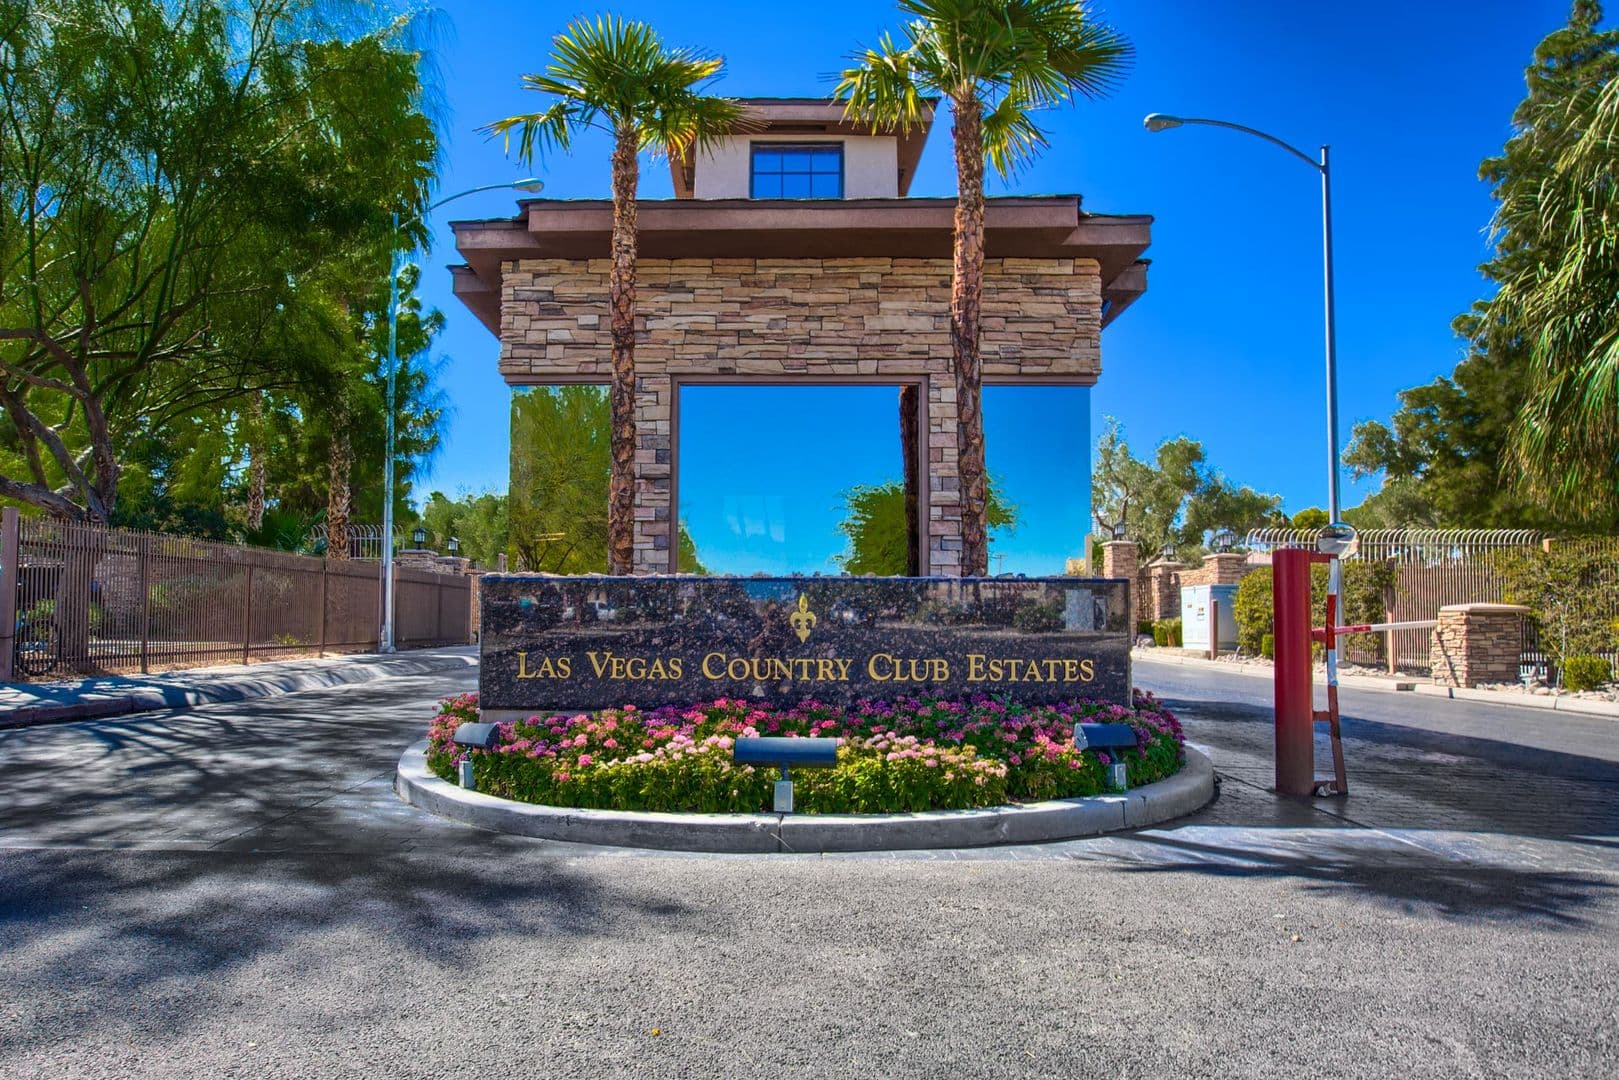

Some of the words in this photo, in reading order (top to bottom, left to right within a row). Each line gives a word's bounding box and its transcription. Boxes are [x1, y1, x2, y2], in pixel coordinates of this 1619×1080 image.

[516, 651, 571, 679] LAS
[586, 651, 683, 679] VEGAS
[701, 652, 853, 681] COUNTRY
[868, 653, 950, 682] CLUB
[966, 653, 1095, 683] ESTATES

-*-

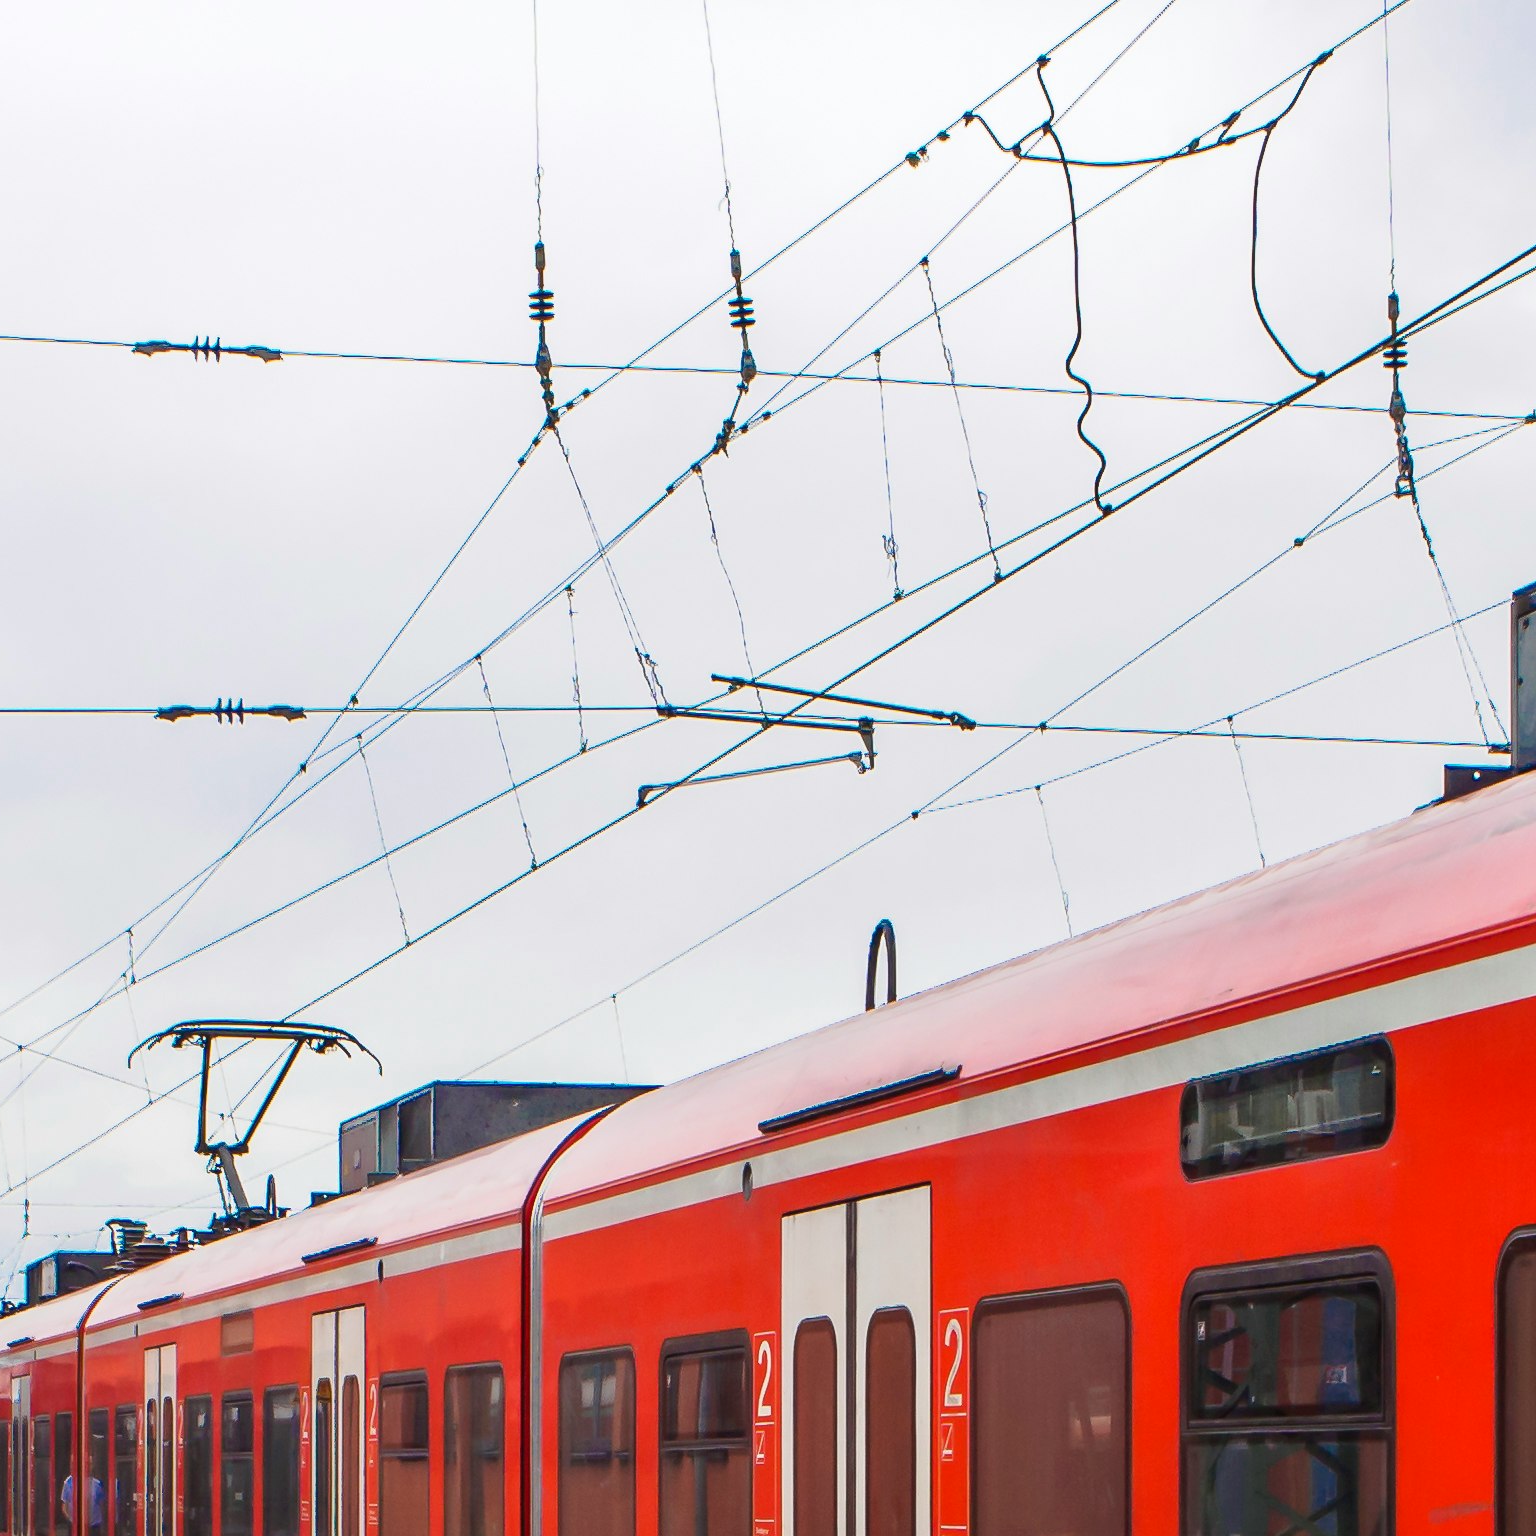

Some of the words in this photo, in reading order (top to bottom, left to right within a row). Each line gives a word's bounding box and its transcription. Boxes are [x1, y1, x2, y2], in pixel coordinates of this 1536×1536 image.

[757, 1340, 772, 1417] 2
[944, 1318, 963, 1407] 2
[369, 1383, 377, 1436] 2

-*-

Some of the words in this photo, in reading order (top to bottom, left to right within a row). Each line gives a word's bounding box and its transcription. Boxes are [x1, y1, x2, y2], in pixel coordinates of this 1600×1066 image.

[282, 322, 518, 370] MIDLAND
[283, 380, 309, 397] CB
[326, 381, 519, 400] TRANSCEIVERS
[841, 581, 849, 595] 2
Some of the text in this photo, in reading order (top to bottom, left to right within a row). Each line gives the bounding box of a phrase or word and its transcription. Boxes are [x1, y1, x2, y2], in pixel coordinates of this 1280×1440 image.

-*-

■ **PROBLEM DETAILS**
The lines above from the one containing "this 1600×1066 image." through the one containing "Some of the text" are to be set down exactly, and no others.

■ **EXERCISE SOLUTION**
Some of the words in this photo, in reading order (top to bottom, left to right within a row). Each line gives a word's bounding box and its transcription. Boxes are [x1, y1, x2, y2], in pixel coordinates of this 1600×1066 image.

[282, 322, 518, 370] MIDLAND
[283, 380, 309, 397] CB
[326, 381, 519, 400] TRANSCEIVERS
[841, 581, 849, 595] 2
Some of the text in this photo, in reading order (top to bottom, left to right within a row). Each line gives the bounding box of a phrase or word and its transcription. Boxes are [x1, y1, x2, y2], in pixel coordinates of this 1280×1440 image.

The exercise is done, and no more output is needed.